Humiliated, Captain Grant appears to have spent the rest of his life trying to set the record straight. In his narrative of the war from a Dakota point of view published on July 1, 1894, in the St. Paul Pioneer Press, Big Eagle (who had been sentenced to death but received a pardon from President Abraham Lincoln) said, "Some years ago I saw Capt. Grant in St. Paul and he told me he was in command of the camp at Birch Coulie."

The Birch Coulee Battlefield is listed on the U.S. National Register of Historic Places.

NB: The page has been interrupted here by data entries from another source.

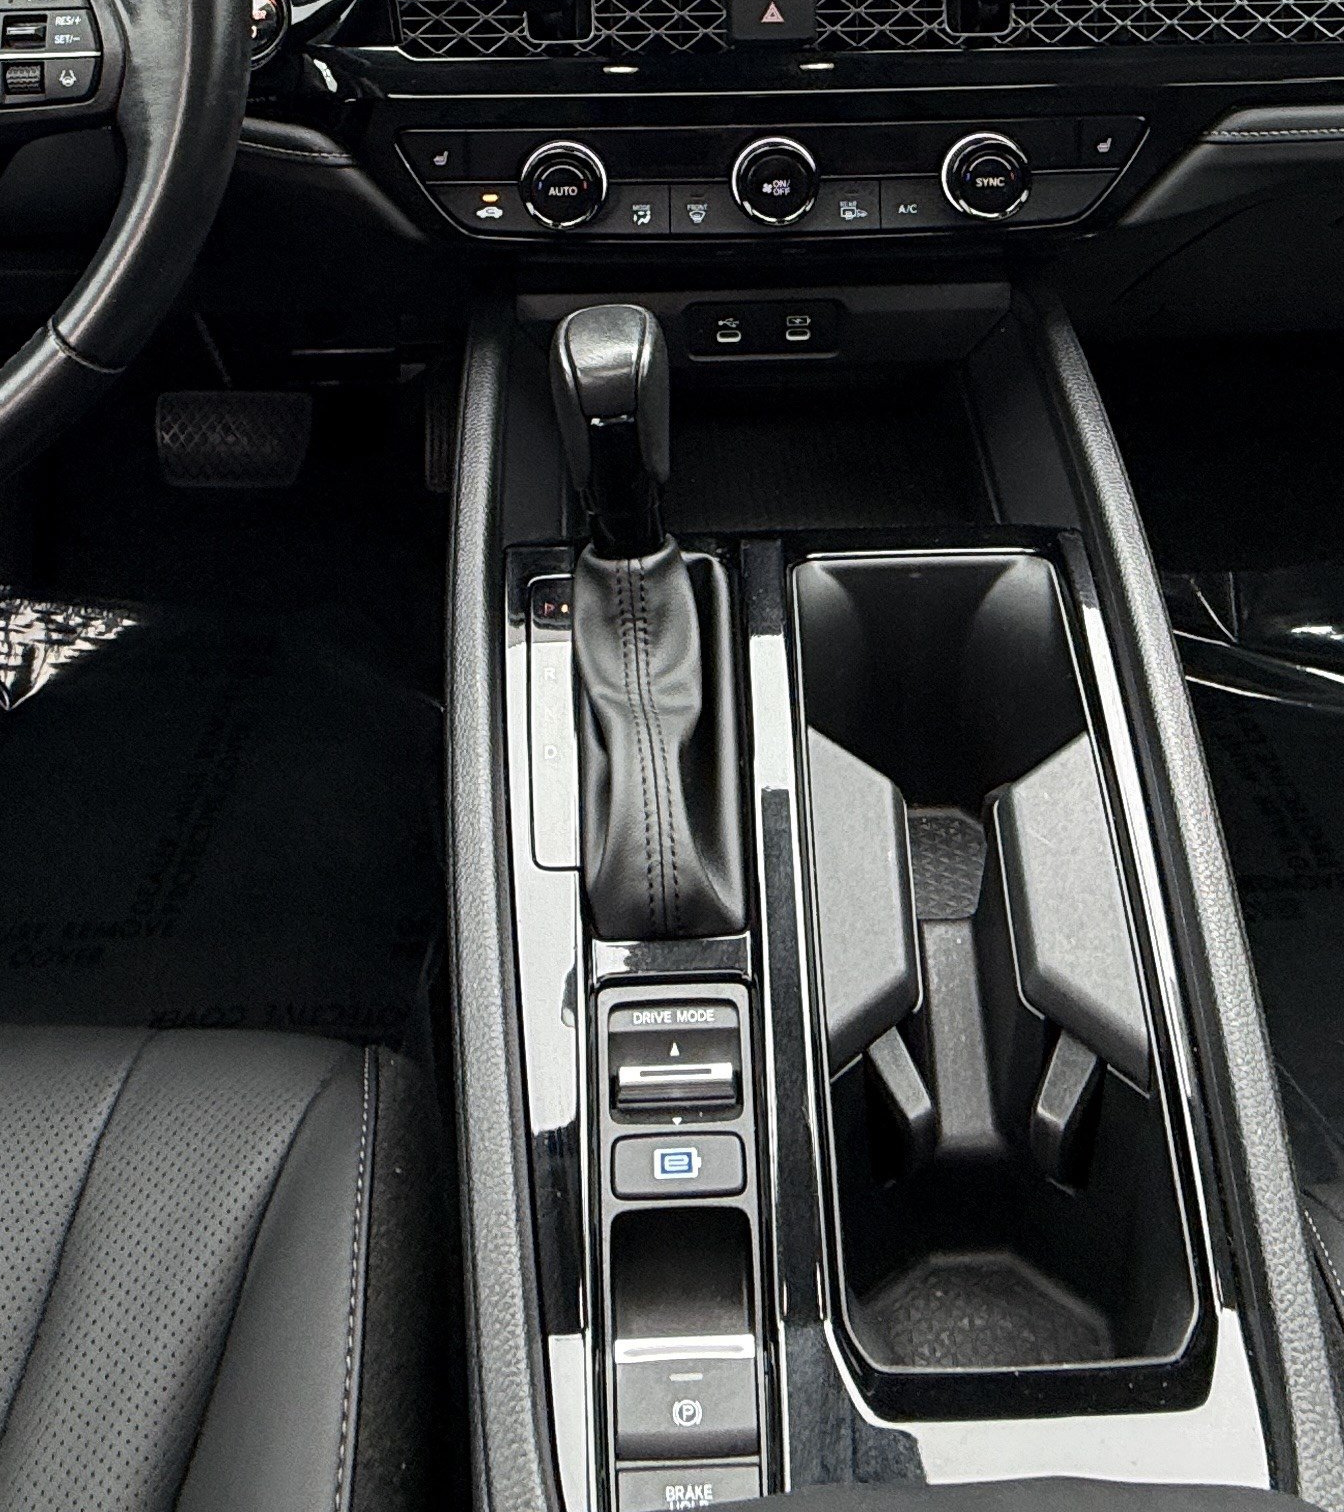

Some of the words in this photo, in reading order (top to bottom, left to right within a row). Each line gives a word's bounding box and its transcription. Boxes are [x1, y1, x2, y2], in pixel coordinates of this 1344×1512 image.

[54, 15, 82, 26] RES/+
[773, 179, 791, 188] ON/
[975, 177, 1005, 187] SYNC
[548, 186, 578, 196] AUTO
[773, 188, 791, 196] OFF
[687, 203, 708, 211] FRONT
[898, 203, 918, 214] A/C
[632, 1010, 672, 1025] DRIVE
[676, 1009, 715, 1023] MODE
[665, 1483, 714, 1502] BRAKE

The Birch Coulee State Monument, located two miles south of the battlefield, states that Captain Hiram P. Grant was in command.

== Units ==

=== Sixth Minnesota Volunteer Infantry Regiment ===
Captain Hiram P. Grant led Company A of the 6th Minnesota Infantry Regiment at the Battle of Birch Coulee, plus members of other companies of the 6th.

Casualties (Company A):

- Killed: Sergeants John College; William Irvine; Corporal William M. Cobb; Privates Cornelius Coyle; George Coulter; Chauncey L. King; Henry Rolleau; William Russell; Henry Whetsler;
- Wounds: Corp. S. Carbuckle, G.W. Eagles, E. Brown, E.S. Blase, S. Fielding, S. Hapt, A. Hayford, D.G. House, C. Mayall, D.H. McCauley, W.A. Newcomb, F.C. Shanley, C.W. Smith, W. Vayhinger, S.J. Weiting.

Casualties (Company G):

- Killed: Sergeant Benjamin S. Terry; Corporal F.C.W. Renneken;
- Wounds: S. Clark, T. Barnes, B. Viles.

=== Cullen Frontier Guards ===
Captain Joseph Anderson of Company A of the "Cullen Frontier Guards," designated in their muster roll as Company A of the First Minnesota Mounted Regiment of the Irregular Volunteer Militia, was at the Battle of Birch Coulee.

Casualties:
- Killed: 2nd Sergeant Robert Baxter; Private Jacob Freeman;
- Died of Wounds: Private Richard Gibbons; Joseph Warren DeCamp;
- Wounds: Captain Joseph Anderson {wounded in upper left arm and left foot}; Farrier Thomas Barton {dangerously wounded}; Privates A.H. Bunker {wounded through both arms}; Peter Burkman {wounded in both thighs and ruptured}; James Buckingham {wounded through the left shoulder}; George Dashney {wounded in the right thigh}; John Martin.

=== Dakota Forces ===
Four bands of Dakota warriors, mainly Mdewakanton and Wahpekute, were at the Battle of Birch Coulee, led by Gray Bird, Mankato, Big Eagle and Red Legs.

Casualties:

- Killed: Thunder Voice (Hotonna, brother of Red Legs); unknown Sisseton warrior, also with Red Legs's Wahpekute band.